Publications [#243632] of Anita T. Layton

Papers Published

  1. Nieves-González, A; Clausen, C; Layton, AT; Layton, HE; Moore, LC, Transport efficiency and workload distribution in a mathematical model of the thick ascending limb., American Journal of Physiology. Renal Physiology, vol. 304 no. 6 (March, 2013), pp. F653-F664
    (last updated on 2020/07/05)

    Abstract:
    The thick ascending limb (TAL) is a major NaCl reabsorbing site in the nephron. Efficient reabsorption along that segment is thought to be a consequence of the establishment of a strong transepithelial potential that drives paracellular Na(+) uptake. We used a multicell mathematical model of the TAL to estimate the efficiency of Na(+) transport along the TAL and to examine factors that determine transport efficiency, given the condition that TAL outflow must be adequately dilute. The TAL model consists of a series of epithelial cell models that represent all major solutes and transport pathways. Model equations describe luminal flows, based on mass conservation and electroneutrality constraints. Empirical descriptions of cell volume regulation (CVR) and pH control were implemented, together with the tubuloglomerular feedback (TGF) system.

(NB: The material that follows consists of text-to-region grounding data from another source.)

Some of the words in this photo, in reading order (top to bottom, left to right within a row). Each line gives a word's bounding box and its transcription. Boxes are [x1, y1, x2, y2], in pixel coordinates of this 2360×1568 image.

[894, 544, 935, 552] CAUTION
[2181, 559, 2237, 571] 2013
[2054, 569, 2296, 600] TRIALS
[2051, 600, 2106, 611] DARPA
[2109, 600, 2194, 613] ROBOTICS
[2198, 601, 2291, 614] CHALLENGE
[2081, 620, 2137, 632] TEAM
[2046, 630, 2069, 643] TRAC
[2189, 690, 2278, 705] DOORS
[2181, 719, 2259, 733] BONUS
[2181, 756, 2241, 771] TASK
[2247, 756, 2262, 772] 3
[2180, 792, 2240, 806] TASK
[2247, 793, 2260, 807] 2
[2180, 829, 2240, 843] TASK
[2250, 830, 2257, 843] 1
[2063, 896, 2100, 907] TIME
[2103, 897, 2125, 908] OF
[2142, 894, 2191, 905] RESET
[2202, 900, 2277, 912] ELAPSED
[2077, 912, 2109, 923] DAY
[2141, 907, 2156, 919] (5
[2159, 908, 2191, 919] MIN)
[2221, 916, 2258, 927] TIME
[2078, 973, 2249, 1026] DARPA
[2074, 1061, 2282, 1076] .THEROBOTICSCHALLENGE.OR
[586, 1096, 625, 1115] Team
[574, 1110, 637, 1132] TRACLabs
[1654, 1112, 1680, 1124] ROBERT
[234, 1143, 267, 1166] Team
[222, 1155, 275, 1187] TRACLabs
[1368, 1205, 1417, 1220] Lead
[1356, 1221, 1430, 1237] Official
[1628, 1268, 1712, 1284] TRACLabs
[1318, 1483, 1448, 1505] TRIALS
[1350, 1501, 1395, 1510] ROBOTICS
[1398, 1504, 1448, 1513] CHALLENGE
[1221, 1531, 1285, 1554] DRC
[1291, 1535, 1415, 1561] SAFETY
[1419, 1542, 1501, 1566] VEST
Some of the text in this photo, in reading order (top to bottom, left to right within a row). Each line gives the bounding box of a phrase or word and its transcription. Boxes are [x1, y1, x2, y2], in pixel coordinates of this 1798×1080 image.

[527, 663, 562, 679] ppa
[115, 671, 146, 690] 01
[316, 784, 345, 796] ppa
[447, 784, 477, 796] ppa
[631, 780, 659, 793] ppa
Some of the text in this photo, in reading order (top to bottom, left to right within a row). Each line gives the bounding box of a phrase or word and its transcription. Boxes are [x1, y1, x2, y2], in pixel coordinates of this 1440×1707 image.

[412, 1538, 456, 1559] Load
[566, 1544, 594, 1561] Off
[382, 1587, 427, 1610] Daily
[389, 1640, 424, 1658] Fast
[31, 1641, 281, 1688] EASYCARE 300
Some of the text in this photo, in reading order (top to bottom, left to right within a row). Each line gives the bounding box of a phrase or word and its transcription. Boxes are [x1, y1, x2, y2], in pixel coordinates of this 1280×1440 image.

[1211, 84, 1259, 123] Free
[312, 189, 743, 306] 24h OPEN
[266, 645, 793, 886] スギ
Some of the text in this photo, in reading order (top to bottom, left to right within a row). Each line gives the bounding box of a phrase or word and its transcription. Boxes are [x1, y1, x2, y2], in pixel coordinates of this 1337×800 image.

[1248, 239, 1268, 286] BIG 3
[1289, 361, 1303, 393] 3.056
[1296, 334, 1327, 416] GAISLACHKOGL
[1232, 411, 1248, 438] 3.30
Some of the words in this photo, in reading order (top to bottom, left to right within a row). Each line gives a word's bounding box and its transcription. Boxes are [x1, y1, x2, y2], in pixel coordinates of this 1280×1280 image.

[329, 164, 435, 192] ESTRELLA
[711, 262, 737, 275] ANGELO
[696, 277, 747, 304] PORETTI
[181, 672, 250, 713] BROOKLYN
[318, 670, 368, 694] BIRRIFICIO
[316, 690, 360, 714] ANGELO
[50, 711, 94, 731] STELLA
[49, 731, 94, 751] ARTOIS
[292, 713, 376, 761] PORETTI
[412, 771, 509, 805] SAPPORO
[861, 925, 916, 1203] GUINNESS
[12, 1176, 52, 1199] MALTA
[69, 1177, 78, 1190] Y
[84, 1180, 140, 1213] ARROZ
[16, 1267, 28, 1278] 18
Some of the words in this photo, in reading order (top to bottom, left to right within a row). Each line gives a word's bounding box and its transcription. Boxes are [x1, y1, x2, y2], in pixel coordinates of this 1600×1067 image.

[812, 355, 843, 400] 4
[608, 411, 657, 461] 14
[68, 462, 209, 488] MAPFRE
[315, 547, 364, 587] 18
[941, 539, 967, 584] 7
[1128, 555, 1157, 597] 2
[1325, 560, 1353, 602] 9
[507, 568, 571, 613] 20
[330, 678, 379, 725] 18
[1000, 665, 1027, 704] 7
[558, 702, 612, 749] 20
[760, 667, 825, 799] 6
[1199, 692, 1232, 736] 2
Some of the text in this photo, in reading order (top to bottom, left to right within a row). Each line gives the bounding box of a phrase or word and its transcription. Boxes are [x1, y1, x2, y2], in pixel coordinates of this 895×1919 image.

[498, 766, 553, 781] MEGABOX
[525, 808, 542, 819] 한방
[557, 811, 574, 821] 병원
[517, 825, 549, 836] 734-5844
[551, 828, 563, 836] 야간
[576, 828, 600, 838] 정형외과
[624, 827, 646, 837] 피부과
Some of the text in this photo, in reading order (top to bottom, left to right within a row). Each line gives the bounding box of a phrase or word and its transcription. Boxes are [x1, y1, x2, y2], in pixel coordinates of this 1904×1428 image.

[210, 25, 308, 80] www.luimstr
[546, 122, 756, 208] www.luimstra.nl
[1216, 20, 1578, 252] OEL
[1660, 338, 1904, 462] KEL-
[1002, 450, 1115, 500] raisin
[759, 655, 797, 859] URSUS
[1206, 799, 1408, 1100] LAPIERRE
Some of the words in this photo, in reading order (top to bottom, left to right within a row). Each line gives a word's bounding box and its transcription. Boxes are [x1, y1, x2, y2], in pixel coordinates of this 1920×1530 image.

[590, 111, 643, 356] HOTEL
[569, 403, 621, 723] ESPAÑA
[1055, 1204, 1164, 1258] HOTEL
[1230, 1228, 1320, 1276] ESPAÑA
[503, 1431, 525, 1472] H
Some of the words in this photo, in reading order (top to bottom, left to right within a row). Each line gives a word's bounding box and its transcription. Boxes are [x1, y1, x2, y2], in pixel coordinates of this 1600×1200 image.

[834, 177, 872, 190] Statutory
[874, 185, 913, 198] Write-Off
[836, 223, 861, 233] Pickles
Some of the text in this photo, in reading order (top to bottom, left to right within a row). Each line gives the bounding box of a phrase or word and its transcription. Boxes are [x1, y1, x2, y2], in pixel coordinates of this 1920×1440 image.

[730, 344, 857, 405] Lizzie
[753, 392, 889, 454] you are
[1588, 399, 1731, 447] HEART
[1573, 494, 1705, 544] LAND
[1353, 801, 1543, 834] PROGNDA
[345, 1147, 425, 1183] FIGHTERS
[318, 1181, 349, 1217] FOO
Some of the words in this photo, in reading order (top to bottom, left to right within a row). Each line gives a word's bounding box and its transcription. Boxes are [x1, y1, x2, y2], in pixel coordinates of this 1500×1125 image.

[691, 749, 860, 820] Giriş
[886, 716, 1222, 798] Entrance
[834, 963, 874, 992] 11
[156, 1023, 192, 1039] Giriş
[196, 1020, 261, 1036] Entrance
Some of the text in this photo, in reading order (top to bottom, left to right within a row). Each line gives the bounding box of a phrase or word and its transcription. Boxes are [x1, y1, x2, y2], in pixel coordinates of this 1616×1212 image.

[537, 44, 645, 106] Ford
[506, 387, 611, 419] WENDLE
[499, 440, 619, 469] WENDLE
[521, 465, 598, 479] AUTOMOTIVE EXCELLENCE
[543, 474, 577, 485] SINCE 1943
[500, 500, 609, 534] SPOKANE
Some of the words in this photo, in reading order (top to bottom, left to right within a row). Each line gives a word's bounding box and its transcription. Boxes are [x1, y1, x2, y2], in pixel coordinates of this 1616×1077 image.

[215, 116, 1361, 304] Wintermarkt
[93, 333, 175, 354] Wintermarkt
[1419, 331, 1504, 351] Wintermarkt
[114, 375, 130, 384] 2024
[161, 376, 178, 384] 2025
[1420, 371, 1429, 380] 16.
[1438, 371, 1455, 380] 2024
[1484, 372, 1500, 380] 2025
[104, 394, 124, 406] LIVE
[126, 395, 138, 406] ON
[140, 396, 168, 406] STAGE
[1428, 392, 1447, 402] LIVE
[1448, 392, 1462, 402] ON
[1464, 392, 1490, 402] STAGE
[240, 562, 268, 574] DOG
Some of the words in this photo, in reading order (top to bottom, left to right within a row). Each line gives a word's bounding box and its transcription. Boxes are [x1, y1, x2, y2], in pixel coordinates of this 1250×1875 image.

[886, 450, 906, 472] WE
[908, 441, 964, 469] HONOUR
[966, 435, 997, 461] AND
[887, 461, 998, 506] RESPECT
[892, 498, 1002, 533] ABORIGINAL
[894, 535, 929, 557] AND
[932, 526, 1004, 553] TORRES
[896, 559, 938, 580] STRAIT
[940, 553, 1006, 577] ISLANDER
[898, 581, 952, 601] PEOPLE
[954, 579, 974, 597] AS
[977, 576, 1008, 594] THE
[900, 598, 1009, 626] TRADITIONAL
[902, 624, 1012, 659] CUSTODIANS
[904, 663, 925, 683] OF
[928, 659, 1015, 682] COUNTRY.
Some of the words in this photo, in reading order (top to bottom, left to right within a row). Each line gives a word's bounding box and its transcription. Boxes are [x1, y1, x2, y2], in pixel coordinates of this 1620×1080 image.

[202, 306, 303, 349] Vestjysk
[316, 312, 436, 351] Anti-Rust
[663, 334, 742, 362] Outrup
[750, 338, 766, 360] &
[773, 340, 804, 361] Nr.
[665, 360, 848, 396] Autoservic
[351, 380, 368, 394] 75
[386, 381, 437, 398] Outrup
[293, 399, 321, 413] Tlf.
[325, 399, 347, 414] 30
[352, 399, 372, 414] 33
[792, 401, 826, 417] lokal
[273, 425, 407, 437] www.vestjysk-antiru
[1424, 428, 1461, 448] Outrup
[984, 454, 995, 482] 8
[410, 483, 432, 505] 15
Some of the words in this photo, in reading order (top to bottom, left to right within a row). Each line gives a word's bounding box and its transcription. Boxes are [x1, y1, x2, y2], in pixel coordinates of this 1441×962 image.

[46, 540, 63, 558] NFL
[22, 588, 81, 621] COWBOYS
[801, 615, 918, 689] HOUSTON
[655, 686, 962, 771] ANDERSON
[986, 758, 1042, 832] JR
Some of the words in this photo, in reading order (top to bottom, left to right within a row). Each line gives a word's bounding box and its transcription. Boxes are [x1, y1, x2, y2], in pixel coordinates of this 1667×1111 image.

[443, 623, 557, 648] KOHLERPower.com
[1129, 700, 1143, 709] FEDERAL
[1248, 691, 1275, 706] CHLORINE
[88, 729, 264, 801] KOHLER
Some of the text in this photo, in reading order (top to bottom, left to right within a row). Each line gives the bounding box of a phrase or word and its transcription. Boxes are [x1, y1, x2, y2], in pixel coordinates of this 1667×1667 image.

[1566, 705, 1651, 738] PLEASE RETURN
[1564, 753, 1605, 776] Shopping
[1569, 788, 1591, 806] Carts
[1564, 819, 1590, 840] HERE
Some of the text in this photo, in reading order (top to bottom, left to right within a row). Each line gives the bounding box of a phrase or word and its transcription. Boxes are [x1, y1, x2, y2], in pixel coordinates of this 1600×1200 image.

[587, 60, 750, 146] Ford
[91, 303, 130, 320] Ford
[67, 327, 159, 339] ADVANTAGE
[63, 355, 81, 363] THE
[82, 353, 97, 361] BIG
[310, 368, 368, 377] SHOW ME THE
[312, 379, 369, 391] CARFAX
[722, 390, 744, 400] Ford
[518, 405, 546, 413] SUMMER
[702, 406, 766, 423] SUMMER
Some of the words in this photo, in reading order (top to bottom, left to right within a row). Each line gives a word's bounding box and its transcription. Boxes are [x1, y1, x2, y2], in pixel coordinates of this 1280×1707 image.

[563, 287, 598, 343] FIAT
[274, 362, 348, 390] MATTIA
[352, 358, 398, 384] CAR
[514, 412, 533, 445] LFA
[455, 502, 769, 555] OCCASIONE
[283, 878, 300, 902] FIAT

Transport efficiency was calculated as the ratio of total net Na(+) transport (i.e., paracellular and transcellular transport) to transcellular Na(+) transport. Model predictions suggest that 1) the transepithelial Na(+) concentration gradient is a major determinant of transport efficiency; 2) CVR in individual cells influences the distribution of net Na(+) transport along the TAL; 3) CVR responses in conjunction with TGF maintain luminal Na(+) concentration well above static head levels in the cortical TAL, thereby preventing large decreases in transport efficiency; and 4) under the condition that the distribution of Na(+) transport along the TAL is quasi-uniform, the tubular fluid axial Cl(-) concentration gradient near the macula densa is sufficiently steep to yield a TGF gain consistent with experimental data.